* **EXERCISE REQUIREMENTS**
Word for word, print each line of the listing below; pictures stay out.

* **MATERIALS PROVIDED**
>>>

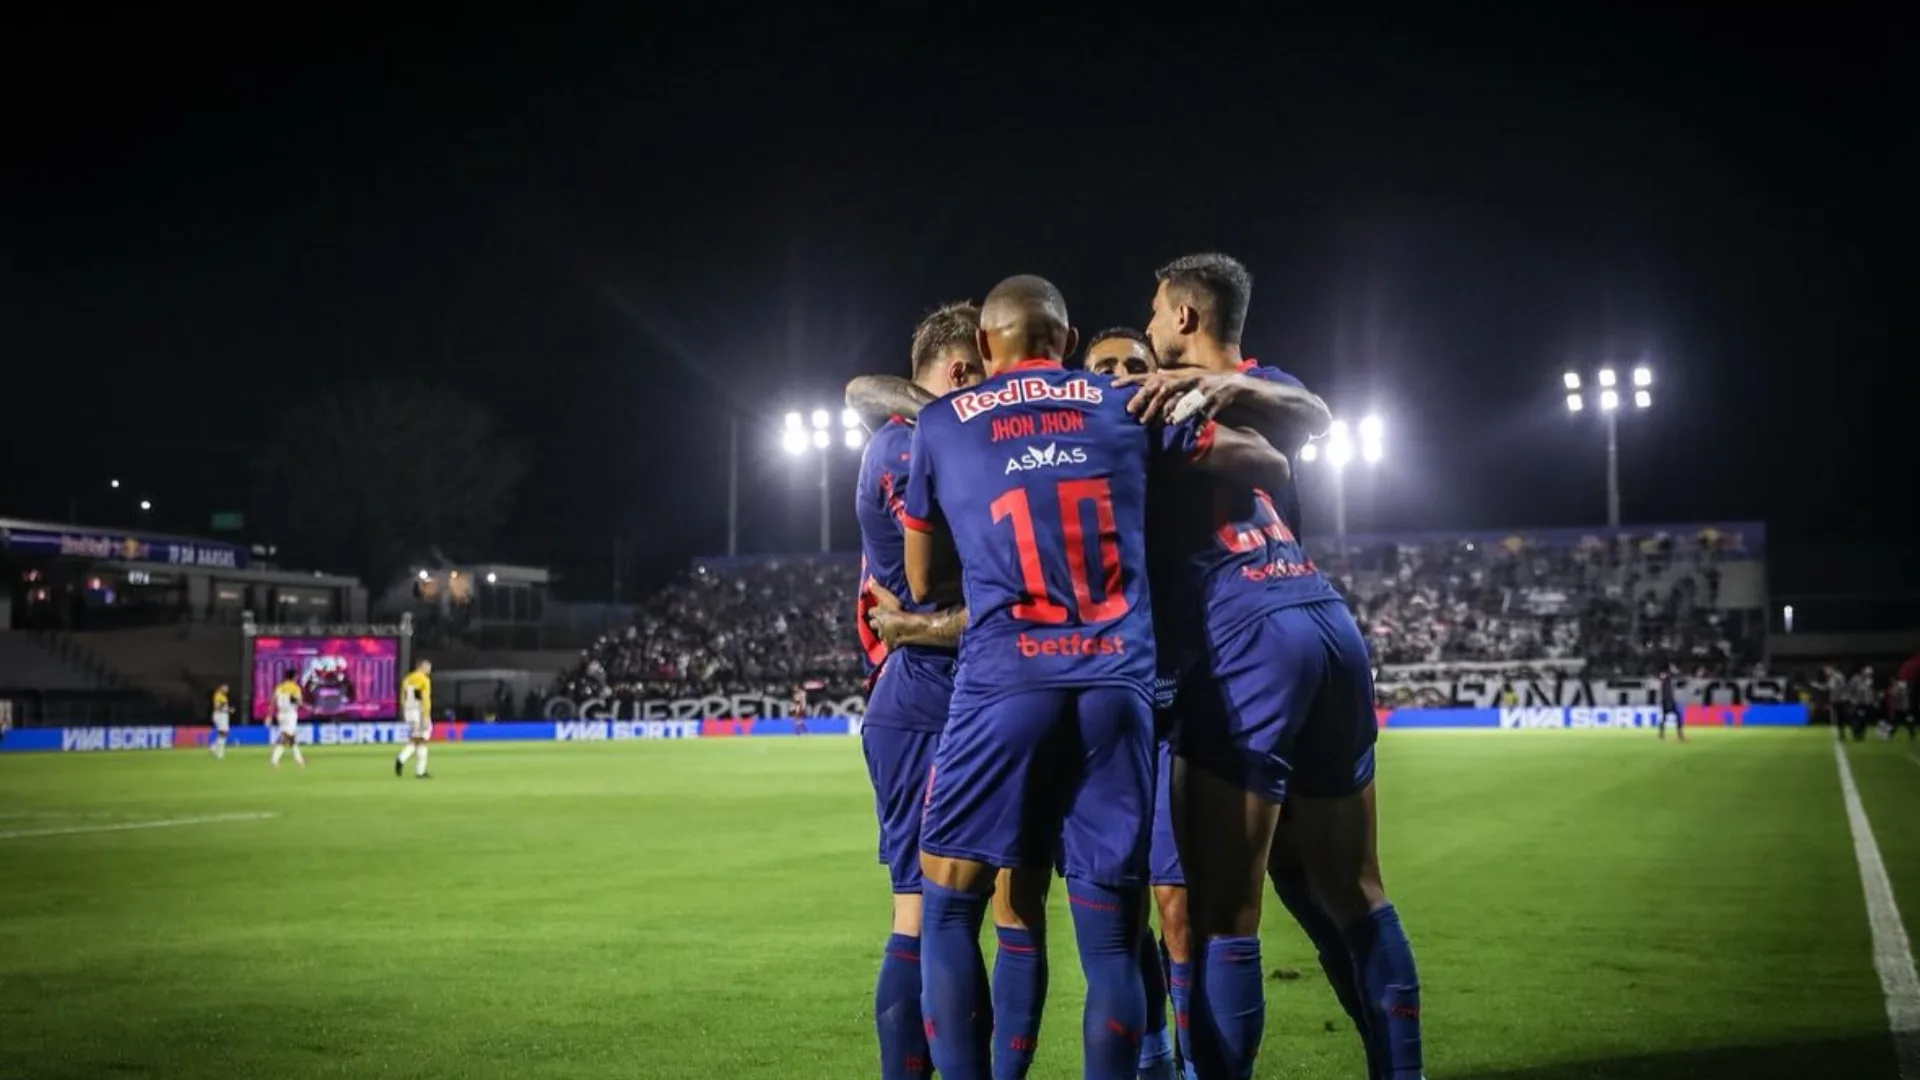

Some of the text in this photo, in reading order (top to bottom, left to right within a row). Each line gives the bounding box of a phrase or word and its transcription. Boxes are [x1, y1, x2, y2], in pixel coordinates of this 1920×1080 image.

[952, 378, 1103, 422] Red Bulls
[991, 411, 1084, 442] JHON JHON
[990, 478, 1129, 624] 10
[1016, 632, 1125, 657] betfast
[555, 721, 605, 739] VIVA
[611, 720, 700, 738] SORTE
[1500, 706, 1566, 728] VIVA
[62, 728, 105, 751] VIVA
[108, 726, 174, 749] SORTE
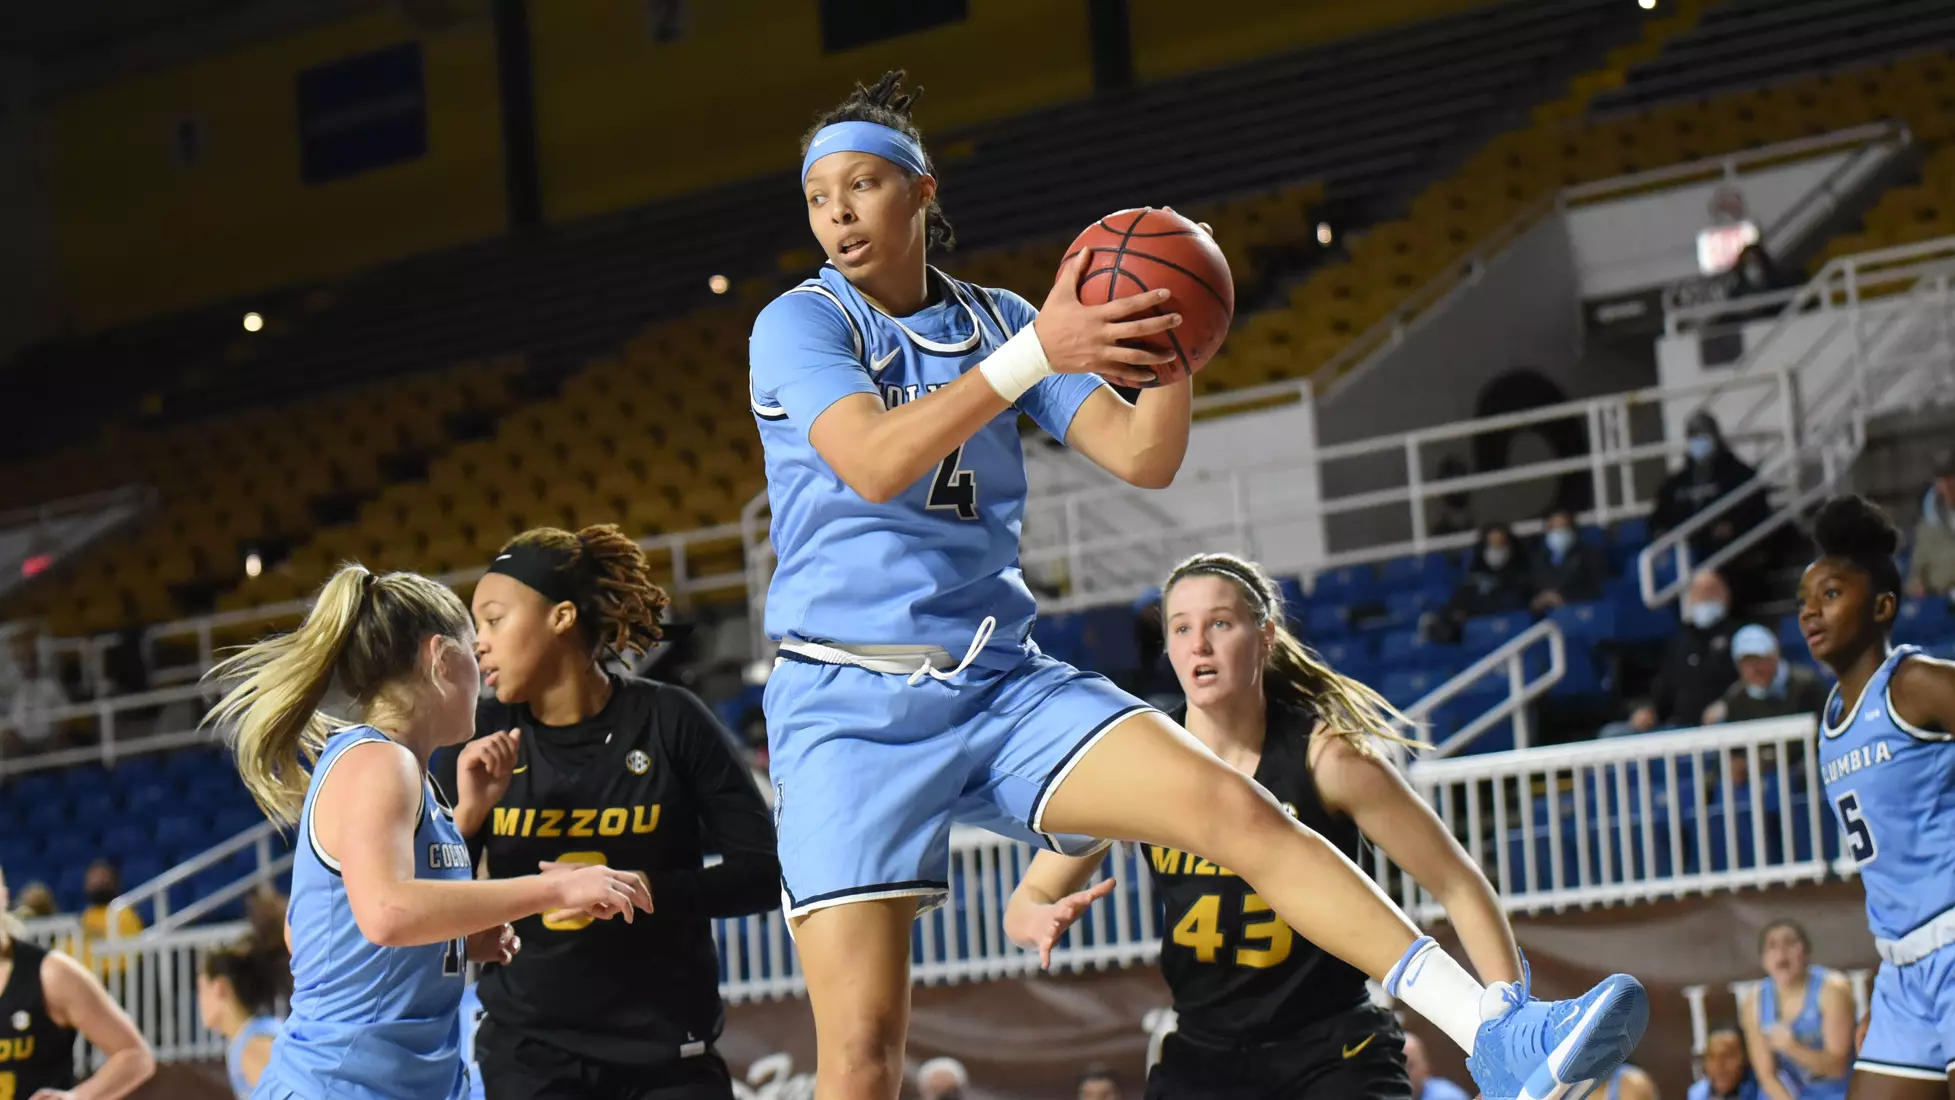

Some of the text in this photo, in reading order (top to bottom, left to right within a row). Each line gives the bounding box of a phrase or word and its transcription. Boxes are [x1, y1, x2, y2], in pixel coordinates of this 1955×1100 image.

[925, 442, 979, 520] 4
[493, 804, 661, 837] MIZZOU
[1836, 789, 1879, 867] 5
[1172, 894, 1293, 968] 43

<<<

* **WRITTEN SOLUTION**
Some of the text in this photo, in reading order (top to bottom, left to right within a row). Each line gives the bounding box of a phrase or word and its transcription. Boxes are [x1, y1, x2, y2], in pixel coordinates of this 1920×1080 image.

[952, 378, 1103, 422] Red Bulls
[991, 411, 1084, 442] JHON JHON
[990, 478, 1129, 624] 10
[1016, 632, 1125, 657] betfast
[555, 721, 605, 739] VIVA
[611, 720, 700, 738] SORTE
[1500, 706, 1566, 728] VIVA
[62, 728, 105, 751] VIVA
[108, 726, 174, 749] SORTE

Some of the text in this photo, in reading order (top to bottom, left to right within a row). Each line gives the bounding box of a phrase or word and its transcription. Boxes are [x1, y1, x2, y2], in pixel coordinates of this 1955×1100 image.

[925, 442, 979, 520] 4
[493, 804, 661, 837] MIZZOU
[1836, 789, 1879, 867] 5
[1172, 894, 1293, 968] 43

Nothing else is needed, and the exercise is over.